In fast-moving businesses, manager development often gets bumped down the priority list. New tech gets implemented, brand campaigns get launched, employee benefits get revamped – and yet, the very people responsible for leading the teams behind all of that? They’re left to figure it out on their own. In fact, a staggering 82% of managers are accidental with no formal training.
But here’s the truth: underdeveloped managers are quietly draining your business.
According to the Chartered Management Institute, bad management costs the average UK employer £7,000 every week. That’s not a typo, £7,000 every single week.
If that figure doesn’t make you pause, it should.
The silent drain: How untrained managers undermine your business
Most businesses wouldn’t dream of putting a pilot in a cockpit without flight training, or letting a surgeon operate without a medical degree. So why are we so comfortable letting untrained managers lead teams – the very thing that determines whether people stay, grow, or leave?
Managers account for 70% of the variance in employee engagement, according to Gallup. Yet when engagement drops, many companies look everywhere but at their managers. They invest in culture surveys, ping-pong tables, wellness platforms, and reward schemes – all of which are great, but only tackle the other 30%.
It’s like fixing the wallpaper while the foundations crack.
Here’s what happens when management development isn’t a priority:
- Burnout spreads – Managers without tools to delegate or coach properly often take on too much themselves, leading to poor boundaries and team-wide burnout.
- Engagement plummets – Without strong day-to-day leadership, even the most motivated employees lose interest.
- Retention tanks – People don’t leave companies, they leave managers. And when those managers haven’t been set up to succeed, high turnover follows.
- Performance stalls – Managers set the tone. When they aren’t equipped to handle conflict, hold clear expectations, or motivate effectively, results suffer across the board.
The hidden cost of “Just getting by”
Some managers make it work – just about. They lean on instinct, mimic past managers, or learn through trial and error. But managing people is too important and too costly to rely on guesswork.
Every team member under an ill-equipped manager represents missed performance potential. Every disengaged employee is a retention risk. Every people issue escalated to HR is time lost that could have been prevented through better management.
And if you’ve ever promoted a high performer into management and watched them flounder, not because they weren’t capable, but because they weren’t prepared, you already know how damaging that gap can be.

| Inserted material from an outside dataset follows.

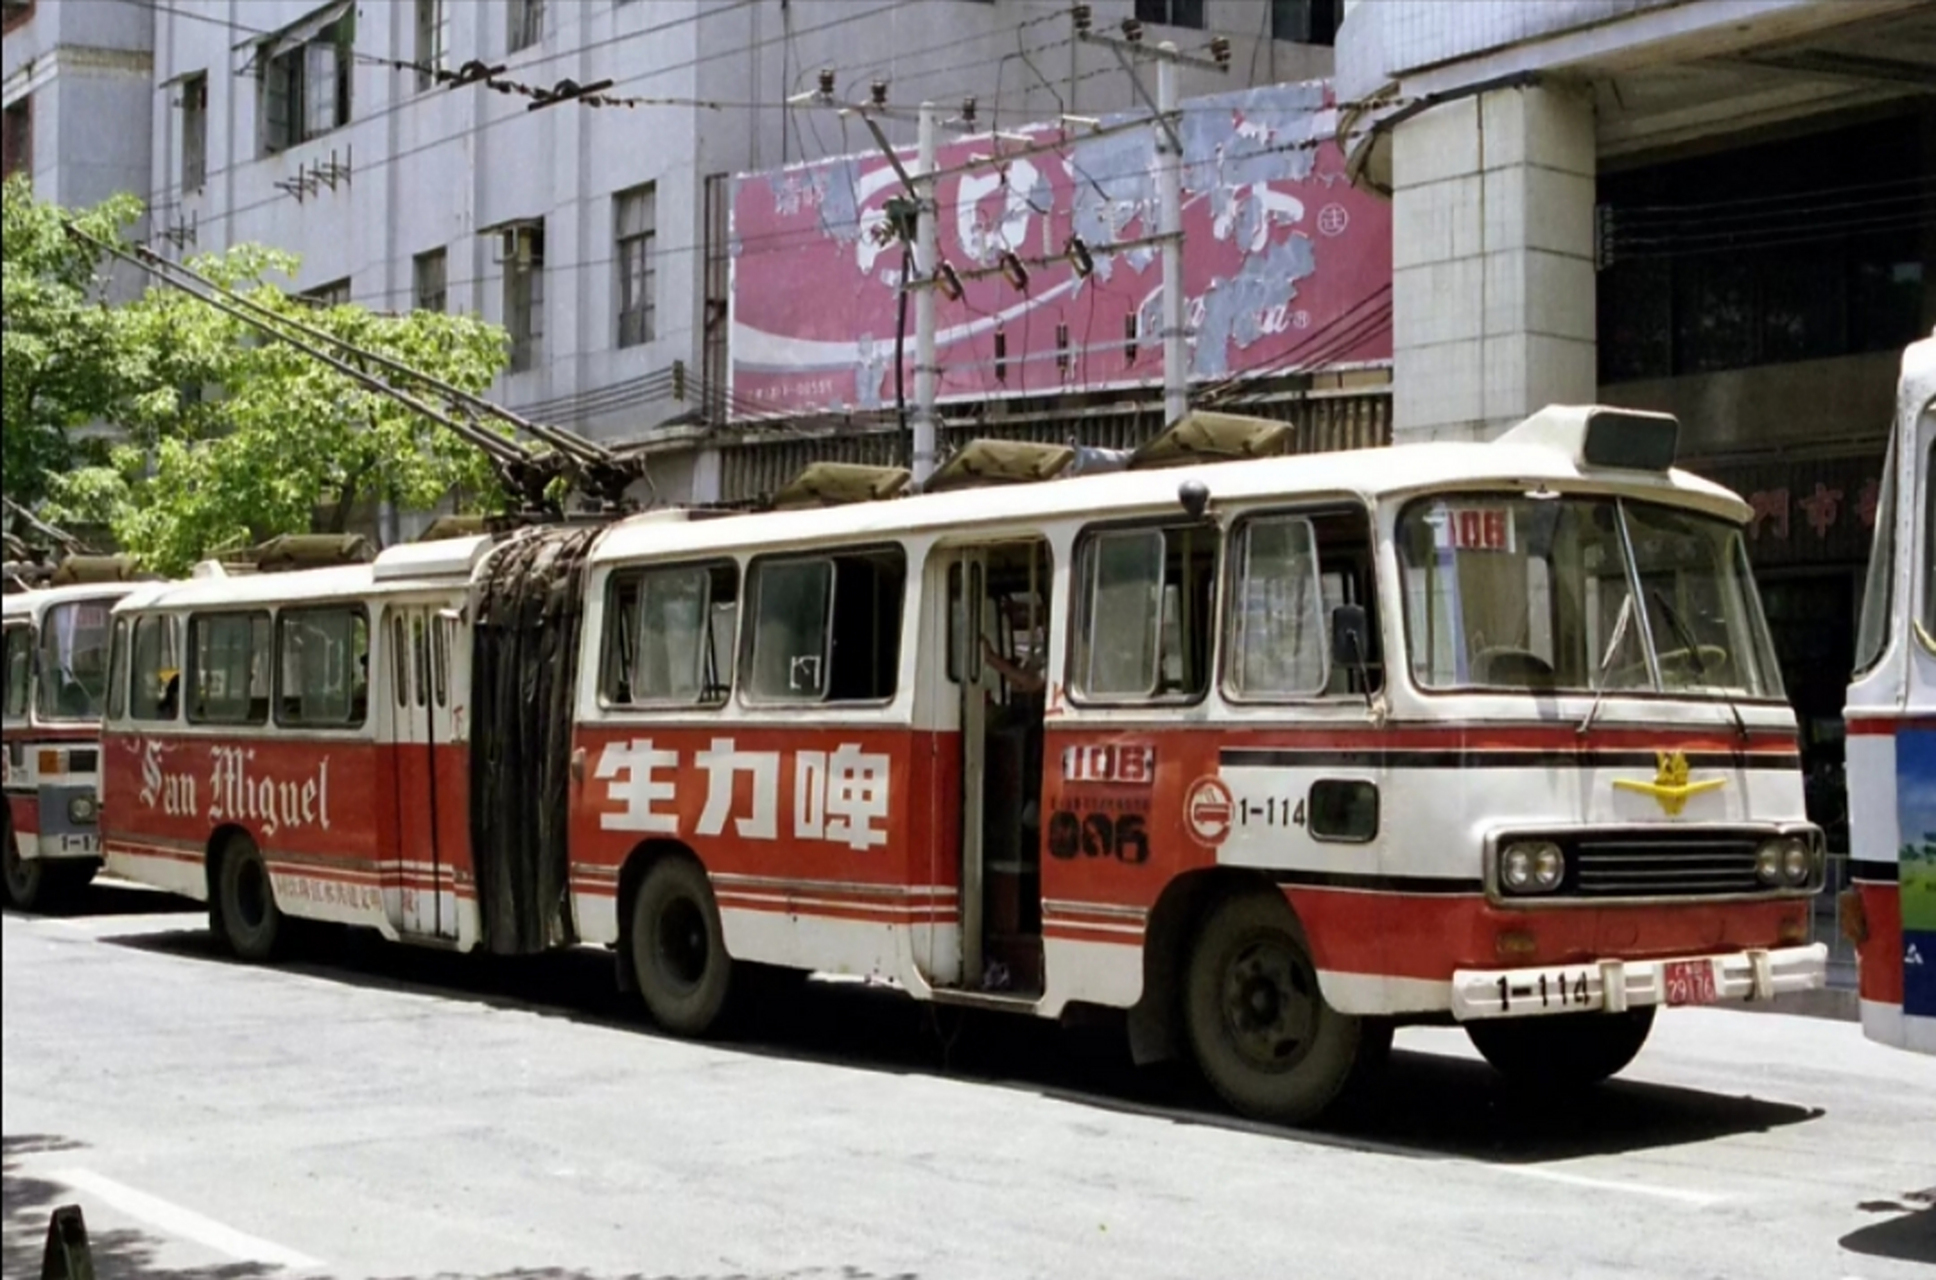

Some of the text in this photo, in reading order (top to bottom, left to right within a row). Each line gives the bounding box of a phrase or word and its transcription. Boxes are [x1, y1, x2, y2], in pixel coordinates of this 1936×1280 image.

[138, 739, 329, 836] San Miguel
[594, 738, 890, 851] 生力啤
[1240, 797, 1306, 827] 1-114
[1497, 971, 1590, 1011] 1-114

It doesn’t have to be this way
The good news is that great management isn’t about charisma or decades of experience, it’s about skill, and like any skill it can be learned.
Start by giving managers clarity on their own behaviours: how they show up, what drives them, and where their blind spots are. Then show them how their team thinks, communicates, and responds to different styles of leadership.
From there, equip them with simple, repeatable frameworks to delegate effectively; motivate in line with behavioural drivers; hold clear expectations and performance conversations and handle conflict early and productively.
Most importantly, give them support as they put it all into practice, whether that’s through coaching, training, or guided peer learning.
The bottom line? Development is not a “Nice to have”
It’s a business-critical investment. If you’re still questioning whether you can afford to develop your managers, consider this: can you afford not to?
Because while you wait, disengagement rises, productivity drops, and £7,000 a week keeps slipping out the door.